Hingga memasuki seri ke-11 musim ini, kedua pembalap berada dalam posisi yang sangat berimbang di papan tengah klasemen. Veda, yang merupakan juara Asia Talent Cup 2023, kini menghuni peringkat ketujuh dengan torehan 82 poin, jumlah yang sama persis dengan yang dikoleksi Hakim Danish di peringkat keenam.
Balapan di Sachsenring nantinya akan menjadi medan pertempuran krusial bagi keduanya. Siapa pun yang mampu finis di depan, dipastikan akan mengamankan posisi sebagai pembalap muda Asia terbaik saat ini.
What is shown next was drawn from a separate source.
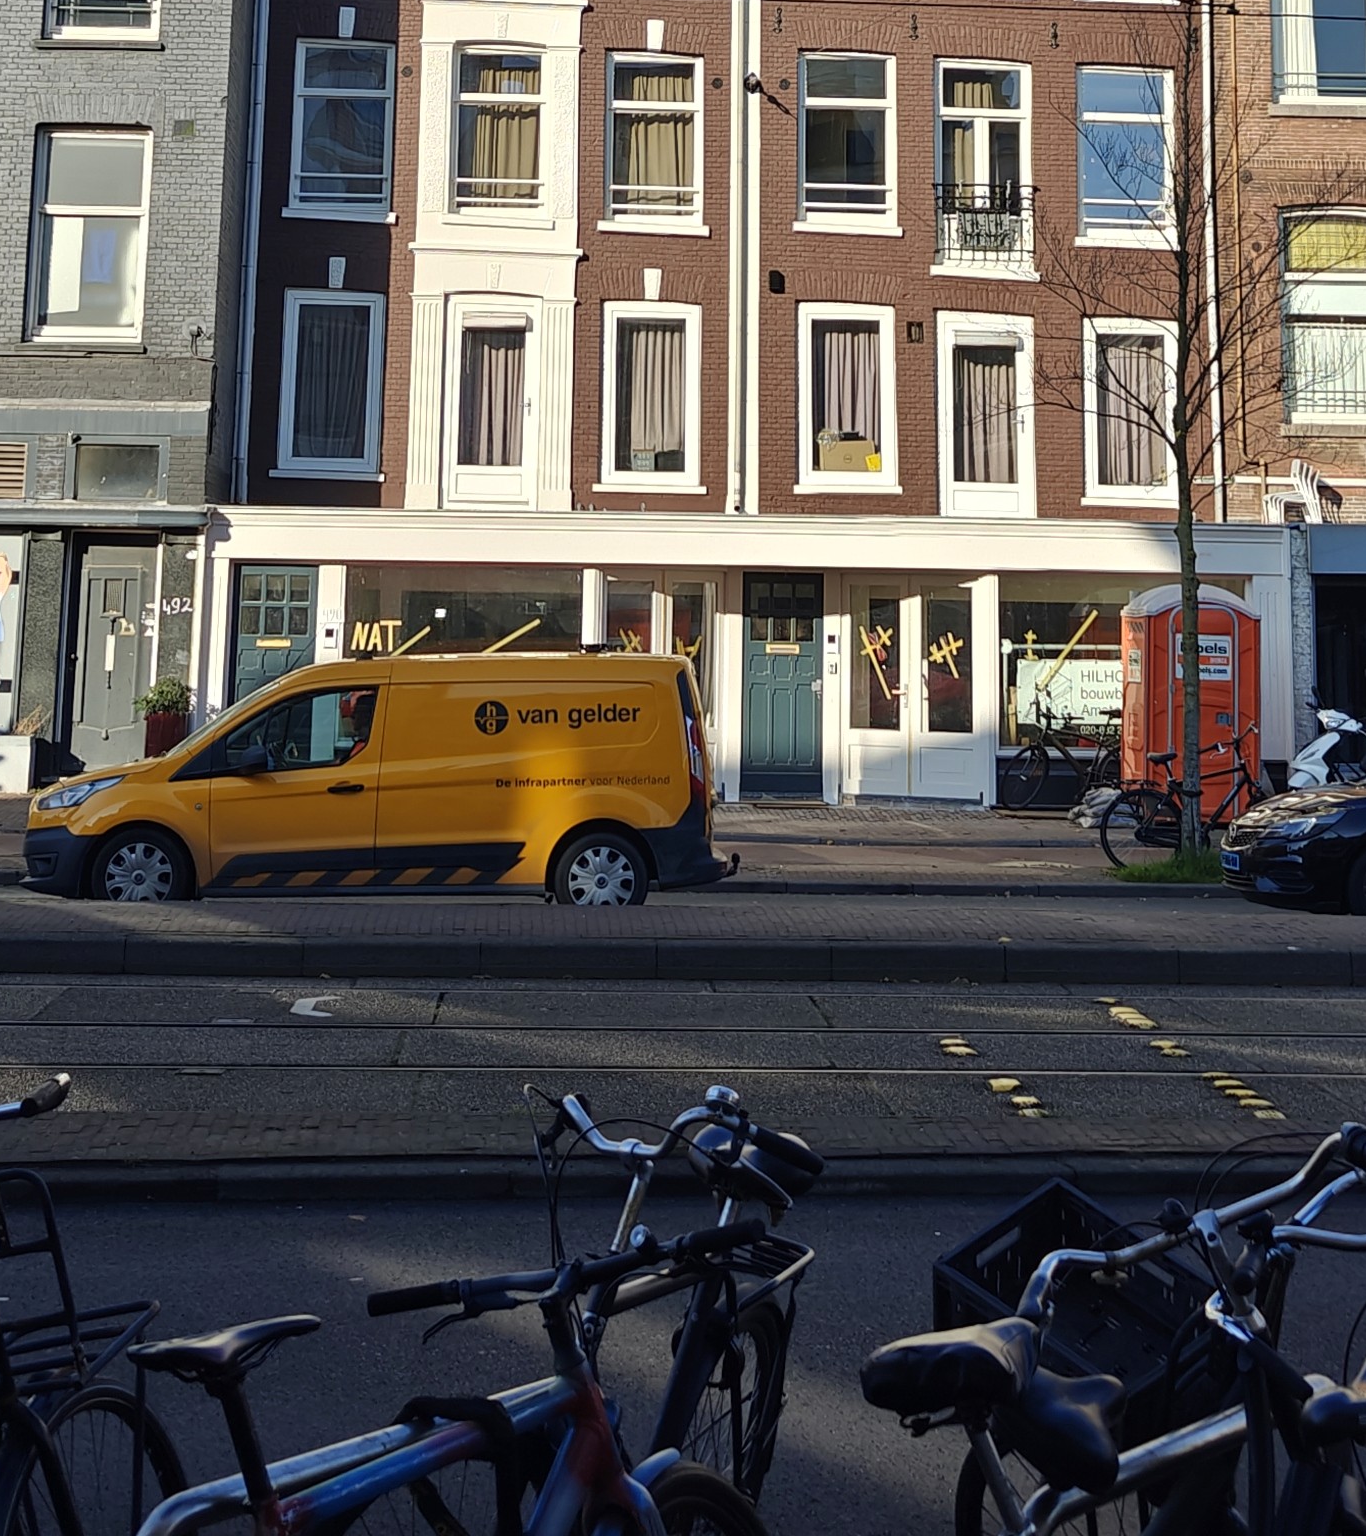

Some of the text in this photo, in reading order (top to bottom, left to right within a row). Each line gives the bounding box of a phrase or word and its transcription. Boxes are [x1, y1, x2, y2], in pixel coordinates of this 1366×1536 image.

[162, 597, 193, 615] 492
[350, 620, 403, 652] NAT
[517, 703, 641, 729] van gelder
[495, 775, 671, 789] De infrapartner voor Nederland
Bagi Veda, seri Jerman menjadi momentum untuk bangkit setelah hasil kurang memuaskan pada balapan sebelumnya di Belanda.
Sepanjang musim 2026, Veda telah menunjukkan kapasitasnya dengan dua kali menapaki podium. Berbekal pengalaman tersebut, pembalap muda ini mengaku lebih fokus dan tenang dalam membangun strategi sejak sesi latihan perdana bersama timnya.
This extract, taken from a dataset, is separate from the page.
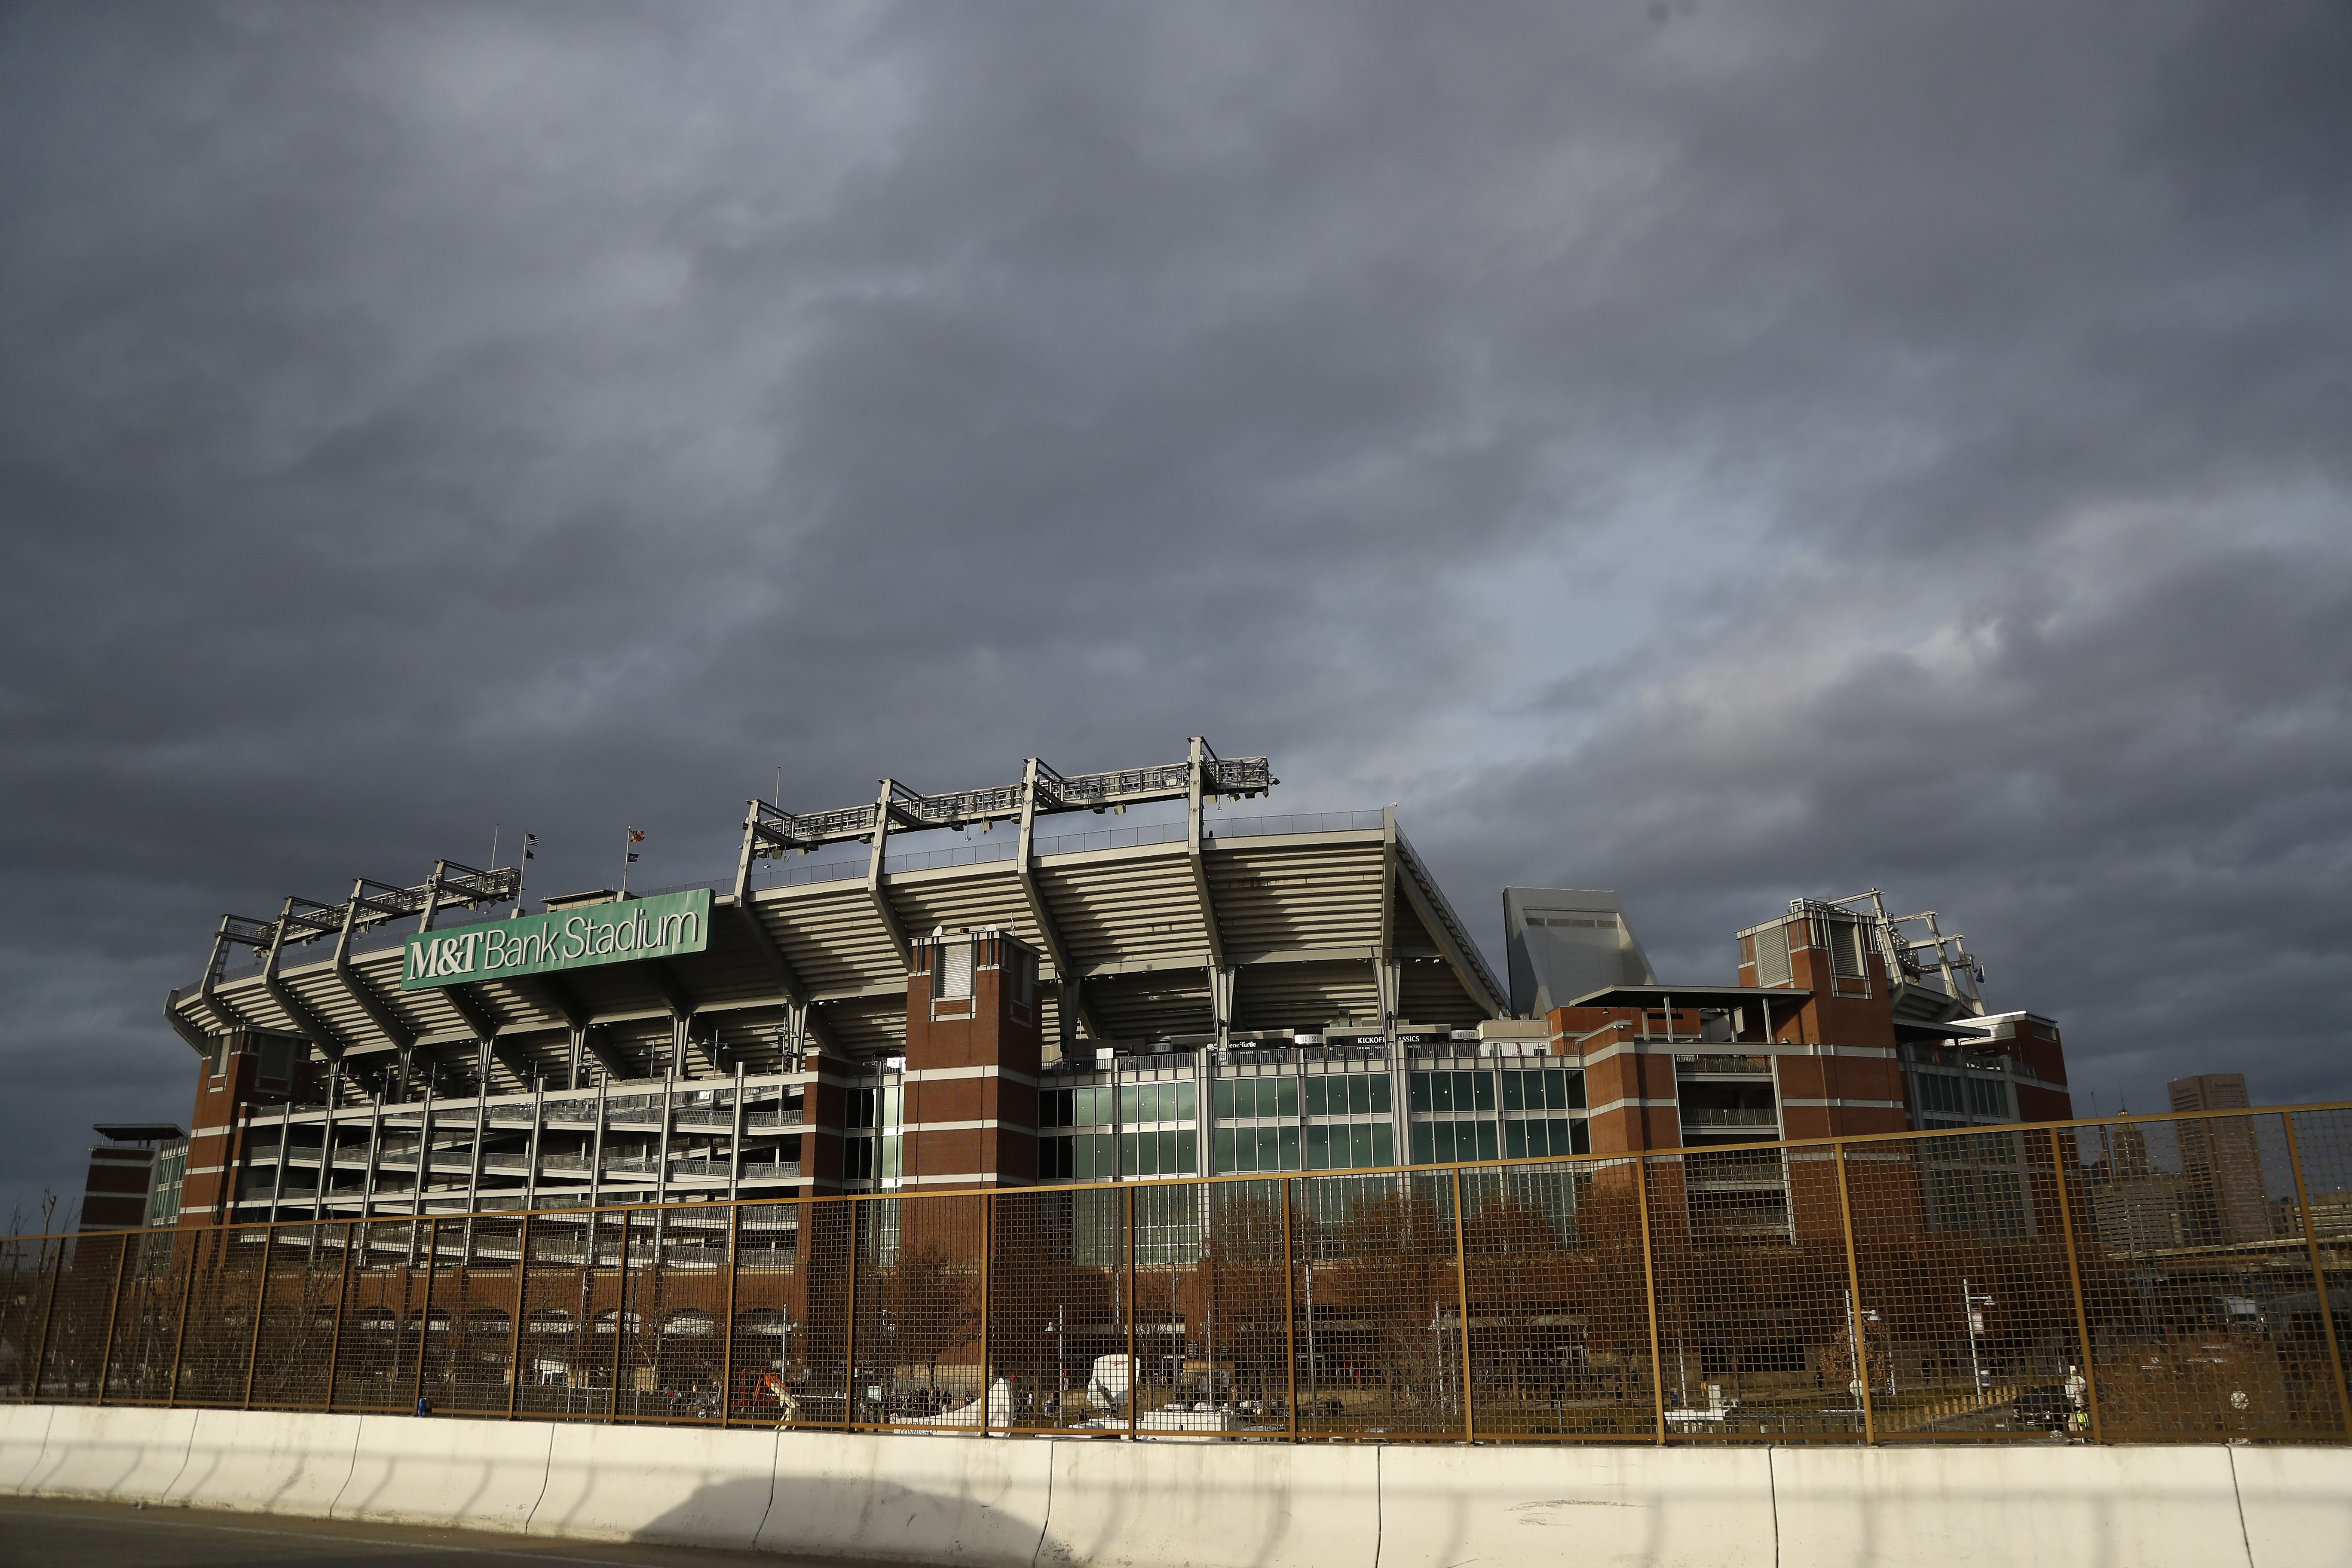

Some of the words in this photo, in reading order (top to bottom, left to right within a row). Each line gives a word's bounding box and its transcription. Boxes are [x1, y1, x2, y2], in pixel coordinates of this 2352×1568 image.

[407, 931, 484, 980] M&T
[484, 922, 559, 970] Bank
[562, 908, 699, 959] Stadium
Veda menegaskan komitmennya untuk terus meningkatkan performa agar dapat meraih hasil maksimal di Jerman. Seluruh dukungan masyarakat Indonesia pun diharapkan menjadi energi tambahan bagi Veda untuk menaklukkan lintasan Sachsenring dan mengibarkan bendera Merah Putih di kancah internasional.